_ENTRIES SUPPLIED_:

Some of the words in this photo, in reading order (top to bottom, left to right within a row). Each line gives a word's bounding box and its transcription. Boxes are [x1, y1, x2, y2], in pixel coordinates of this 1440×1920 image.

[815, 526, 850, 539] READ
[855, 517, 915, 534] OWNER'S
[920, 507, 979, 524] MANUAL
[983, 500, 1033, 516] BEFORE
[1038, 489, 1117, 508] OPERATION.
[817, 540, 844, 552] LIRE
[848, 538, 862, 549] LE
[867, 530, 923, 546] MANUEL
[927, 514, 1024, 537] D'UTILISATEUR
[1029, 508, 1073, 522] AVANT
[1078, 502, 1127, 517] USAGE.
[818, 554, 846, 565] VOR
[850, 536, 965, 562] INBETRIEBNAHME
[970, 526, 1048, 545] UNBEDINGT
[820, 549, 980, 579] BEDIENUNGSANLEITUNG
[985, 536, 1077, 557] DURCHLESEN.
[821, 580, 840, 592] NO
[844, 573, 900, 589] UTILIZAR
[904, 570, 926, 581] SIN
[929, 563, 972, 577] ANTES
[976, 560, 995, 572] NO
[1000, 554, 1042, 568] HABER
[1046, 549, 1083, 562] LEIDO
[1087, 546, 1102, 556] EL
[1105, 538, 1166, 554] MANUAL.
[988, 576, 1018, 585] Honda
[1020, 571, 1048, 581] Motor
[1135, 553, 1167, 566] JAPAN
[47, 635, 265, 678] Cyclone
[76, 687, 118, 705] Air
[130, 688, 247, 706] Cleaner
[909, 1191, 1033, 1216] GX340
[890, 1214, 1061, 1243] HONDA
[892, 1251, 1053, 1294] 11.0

_TASK DESCRIPTION_: Print out the listing in full, exactly as it appears.

_FINISHED TASK_:
Some of the words in this photo, in reading order (top to bottom, left to right within a row). Each line gives a word's bounding box and its transcription. Boxes are [x1, y1, x2, y2], in pixel coordinates of this 1440×1920 image.

[815, 526, 850, 539] READ
[855, 517, 915, 534] OWNER'S
[920, 507, 979, 524] MANUAL
[983, 500, 1033, 516] BEFORE
[1038, 489, 1117, 508] OPERATION.
[817, 540, 844, 552] LIRE
[848, 538, 862, 549] LE
[867, 530, 923, 546] MANUEL
[927, 514, 1024, 537] D'UTILISATEUR
[1029, 508, 1073, 522] AVANT
[1078, 502, 1127, 517] USAGE.
[818, 554, 846, 565] VOR
[850, 536, 965, 562] INBETRIEBNAHME
[970, 526, 1048, 545] UNBEDINGT
[820, 549, 980, 579] BEDIENUNGSANLEITUNG
[985, 536, 1077, 557] DURCHLESEN.
[821, 580, 840, 592] NO
[844, 573, 900, 589] UTILIZAR
[904, 570, 926, 581] SIN
[929, 563, 972, 577] ANTES
[976, 560, 995, 572] NO
[1000, 554, 1042, 568] HABER
[1046, 549, 1083, 562] LEIDO
[1087, 546, 1102, 556] EL
[1105, 538, 1166, 554] MANUAL.
[988, 576, 1018, 585] Honda
[1020, 571, 1048, 581] Motor
[1135, 553, 1167, 566] JAPAN
[47, 635, 265, 678] Cyclone
[76, 687, 118, 705] Air
[130, 688, 247, 706] Cleaner
[909, 1191, 1033, 1216] GX340
[890, 1214, 1061, 1243] HONDA
[892, 1251, 1053, 1294] 11.0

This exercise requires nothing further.